## Directions
Retype each record exactly; no pictures.

## Input material
★ ★ ★ ★ ★

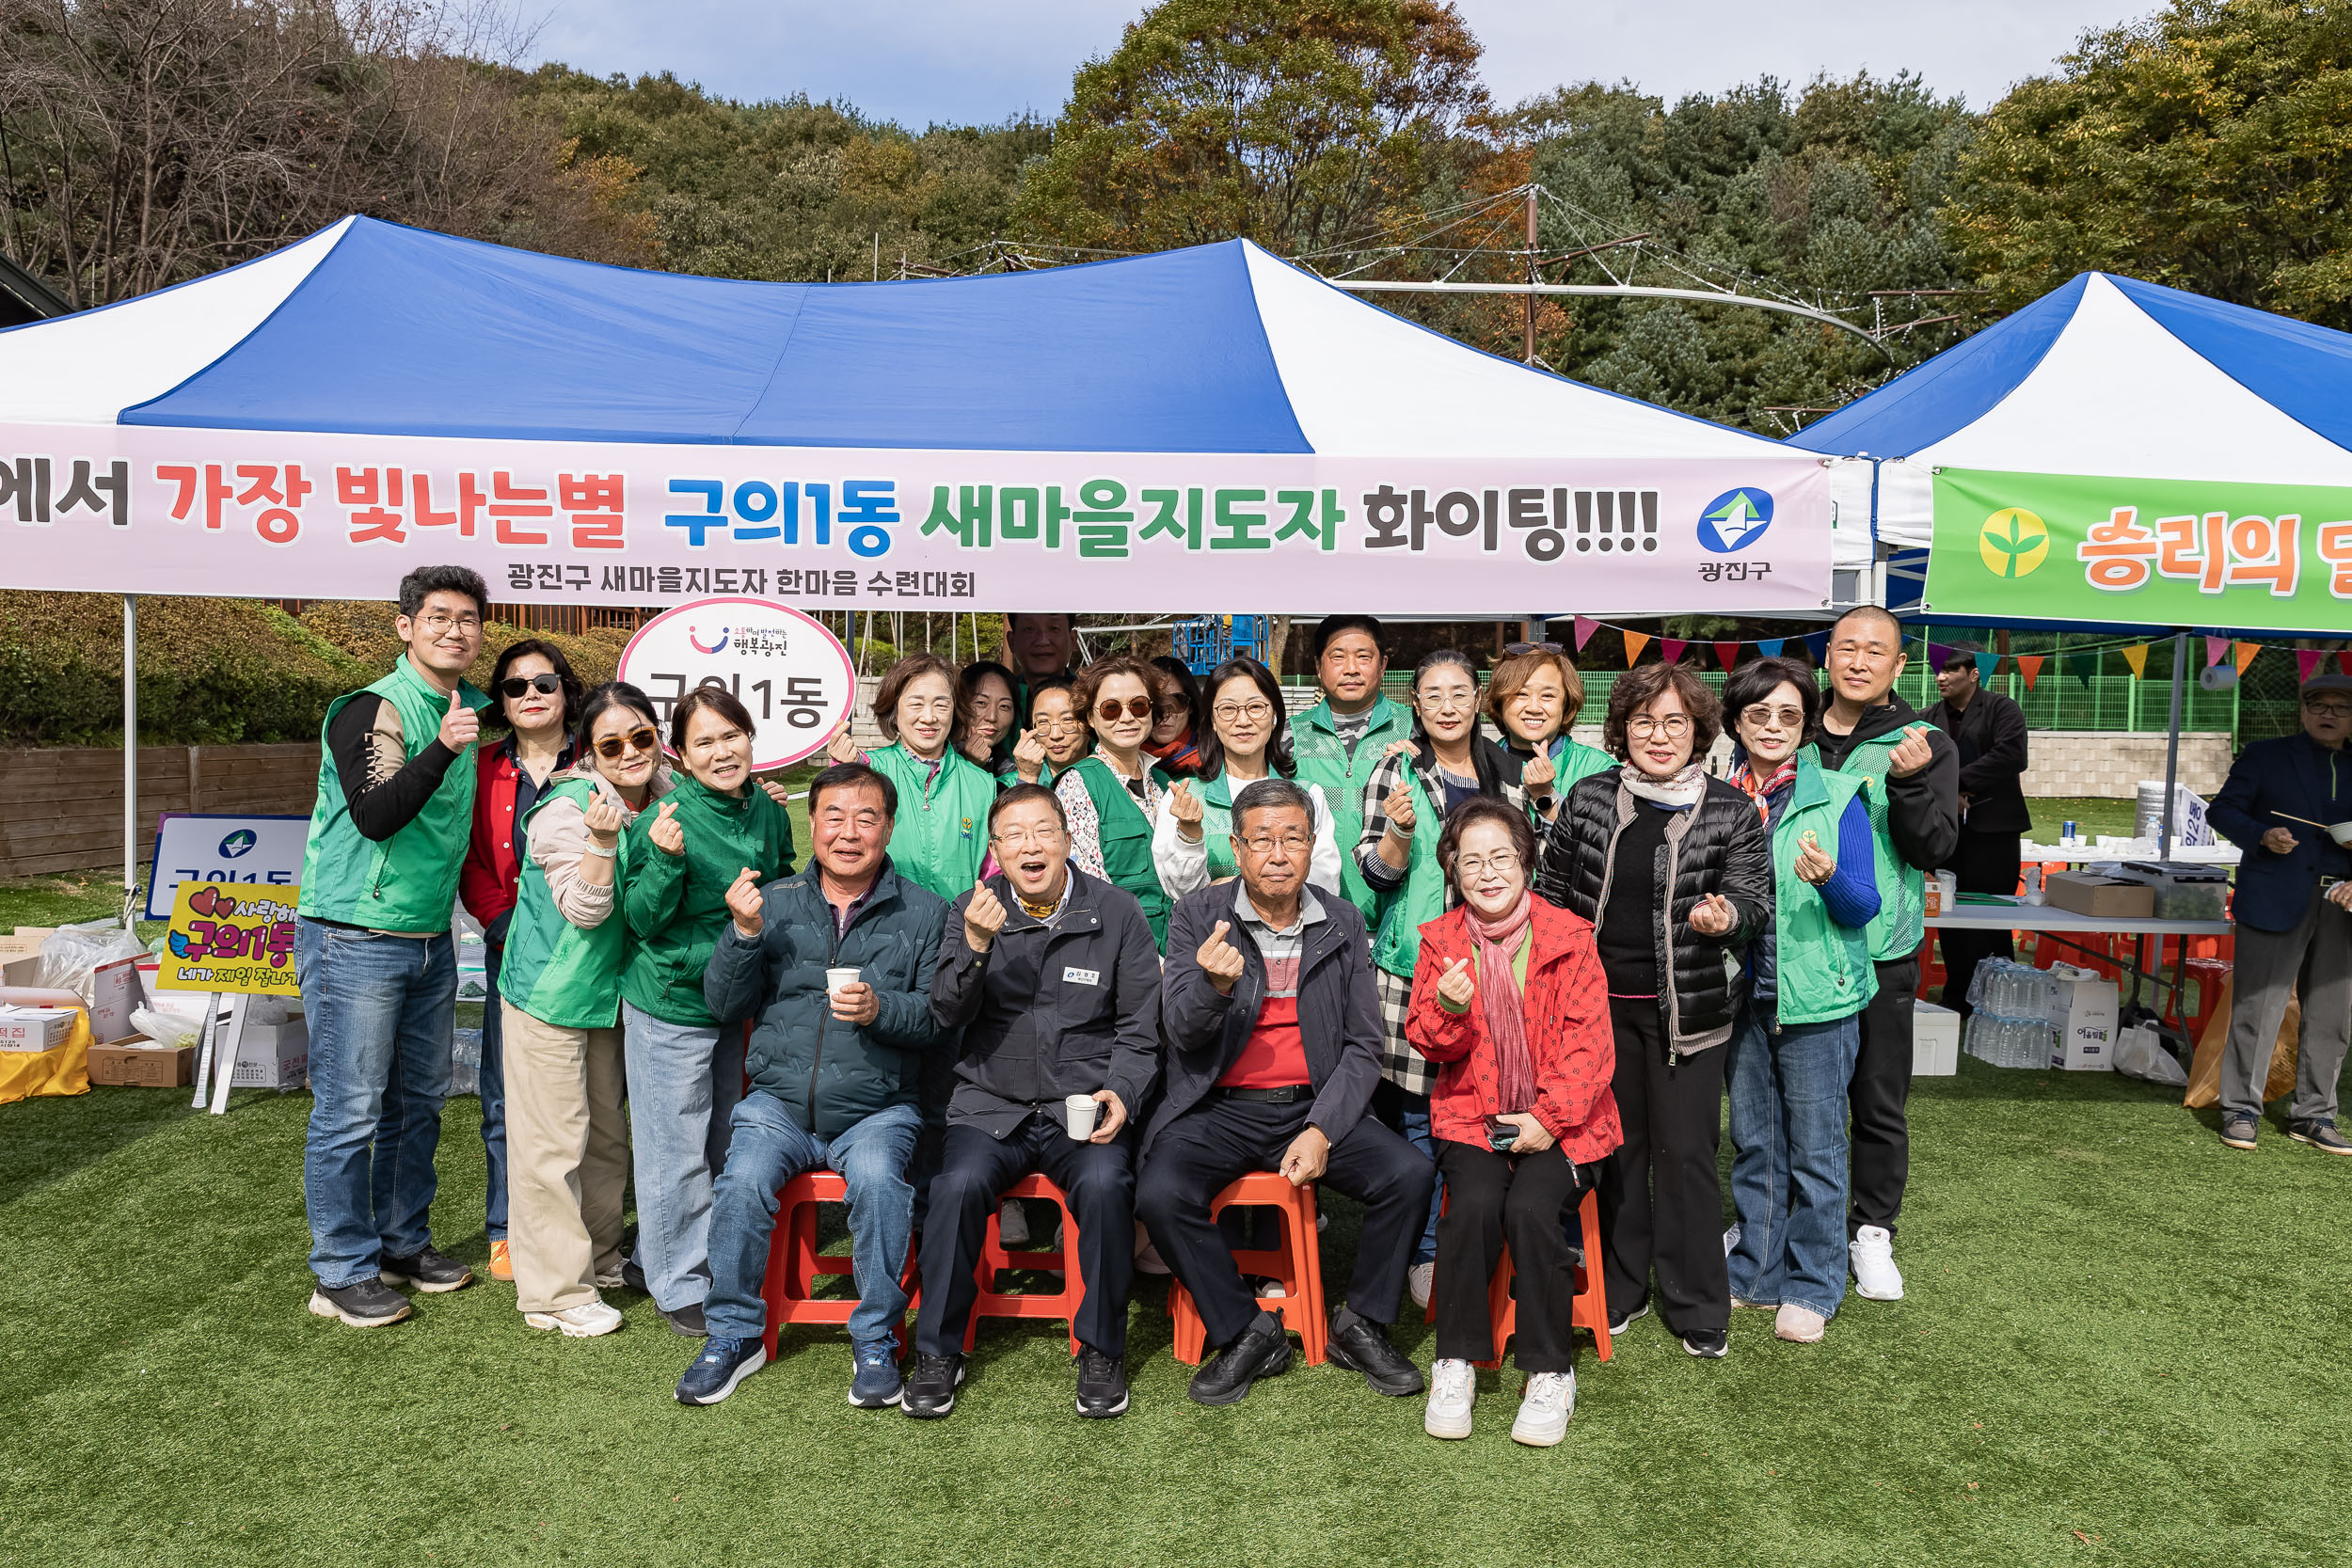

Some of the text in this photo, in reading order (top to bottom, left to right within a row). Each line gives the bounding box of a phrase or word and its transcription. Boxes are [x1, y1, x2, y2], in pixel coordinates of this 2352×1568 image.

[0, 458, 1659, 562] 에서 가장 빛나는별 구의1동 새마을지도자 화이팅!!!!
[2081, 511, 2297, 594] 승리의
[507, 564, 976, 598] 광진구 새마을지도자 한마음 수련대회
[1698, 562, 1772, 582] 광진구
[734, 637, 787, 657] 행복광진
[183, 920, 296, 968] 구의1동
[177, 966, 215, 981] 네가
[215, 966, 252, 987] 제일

★ ★ ★ ★ ★

## Answer area
Some of the text in this photo, in reading order (top to bottom, left to right within a row). Each line gives the bounding box of a phrase or word and its transcription. Boxes are [x1, y1, x2, y2], in pixel coordinates of this 2352×1568 image.

[0, 458, 1659, 562] 에서 가장 빛나는별 구의1동 새마을지도자 화이팅!!!!
[2081, 511, 2297, 594] 승리의
[507, 564, 976, 598] 광진구 새마을지도자 한마음 수련대회
[1698, 562, 1772, 582] 광진구
[734, 637, 787, 657] 행복광진
[183, 920, 296, 968] 구의1동
[177, 966, 215, 981] 네가
[215, 966, 252, 987] 제일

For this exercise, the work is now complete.